Dancing, it seemed to me then, was another way of giving your body away. 
I needed to be in control of my body. So I learned to cultivate a stoic persona, though inside I was conflicted. By nature, I was a person who naturally delighted in physicality – I was strong and spirited, sexual and extroverted. But experience had taught me a different story about my body: it was vulnerable, oversized, humiliating.

In the years that followed, I developed a love of watching other people dance. Name a dance movie from the past 30 years, and I promise you I've seen it. From Dirty Dancing, Flashdance and Footloose to their Noughties counterparts like Stomp the Yard, Honey, the Step Up franchise and David LaChapelle's documentary, Rize, these films fall into distinctly gendered camps: either allegories of female sexual awakening through dance, or of street-gang rivalry and athletic triumph of good over evil. It's no wonder that I loved them all. All the way through my teen and college years, the body in motion mesmerised me.

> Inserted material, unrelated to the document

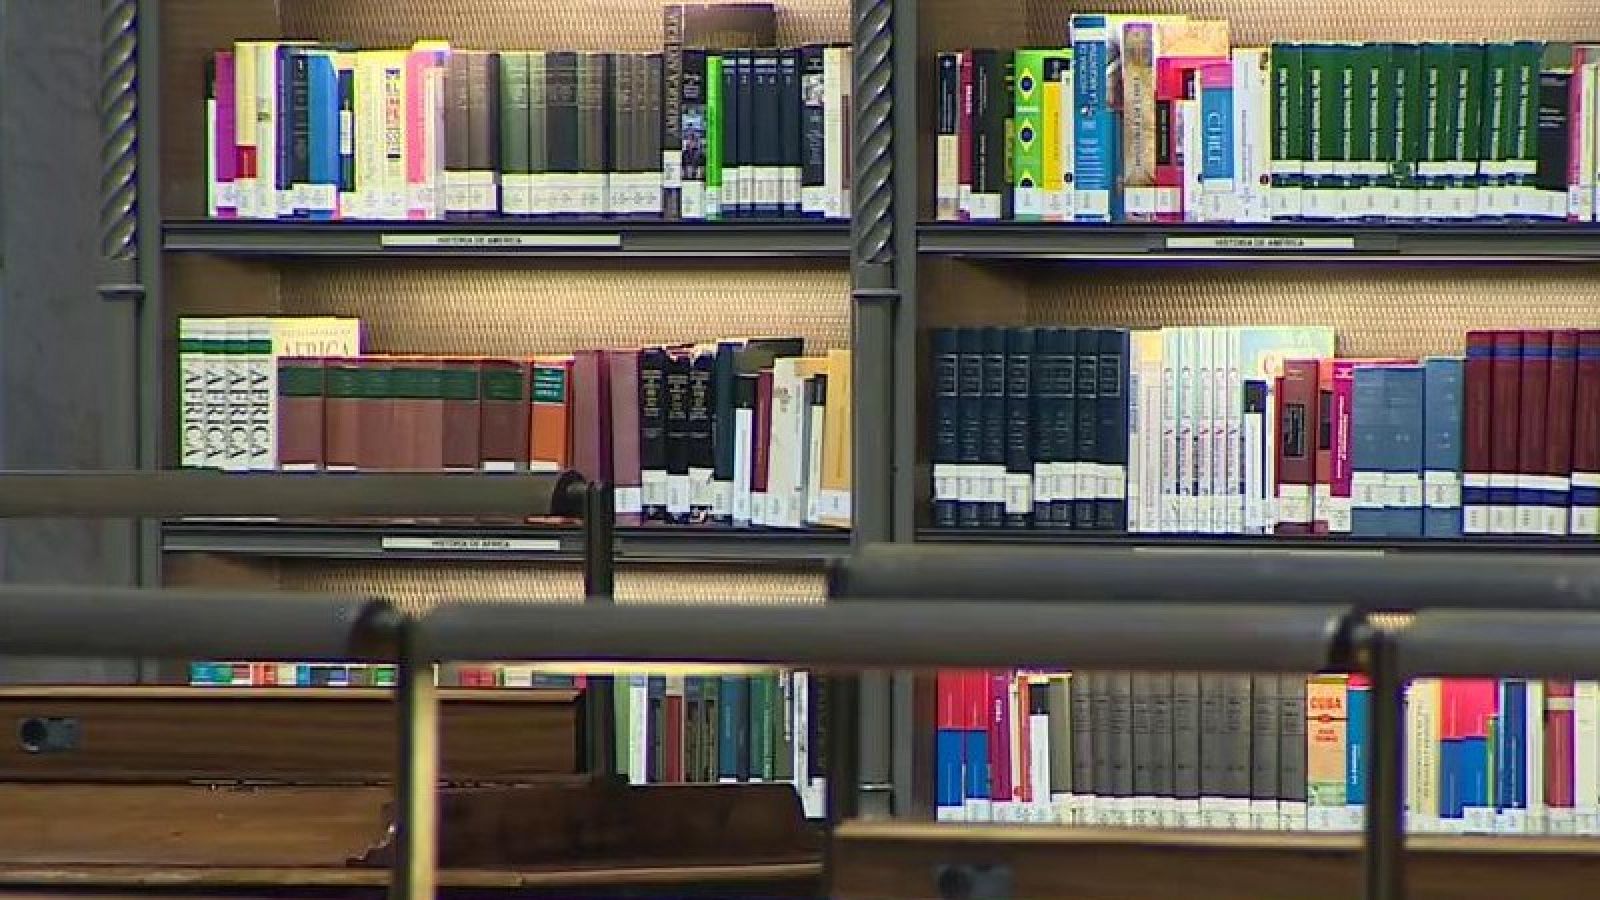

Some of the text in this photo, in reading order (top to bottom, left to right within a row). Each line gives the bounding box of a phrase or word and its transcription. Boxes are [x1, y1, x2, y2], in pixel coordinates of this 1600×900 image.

It didn't occur to me that if I'd inhabited my body – loosened my controlled grip so I could finally enjoy it again – then it might have been the revelation I needed. It might have freed me. After all, I wasn't a vulnerable adolescent any more; I was a successful college student who'd been living on my own since 17. But my body insecurity was so deeply ingrained, I didn't even consider it.

Instead, I continued to distance myself from my physical form as much as possible, and drugs proved the most effective tool to do this. Sure, they risk your life and ruin your health, but they also allow you to control exactly how you feel at any moment. And, amazingly, they let me dance.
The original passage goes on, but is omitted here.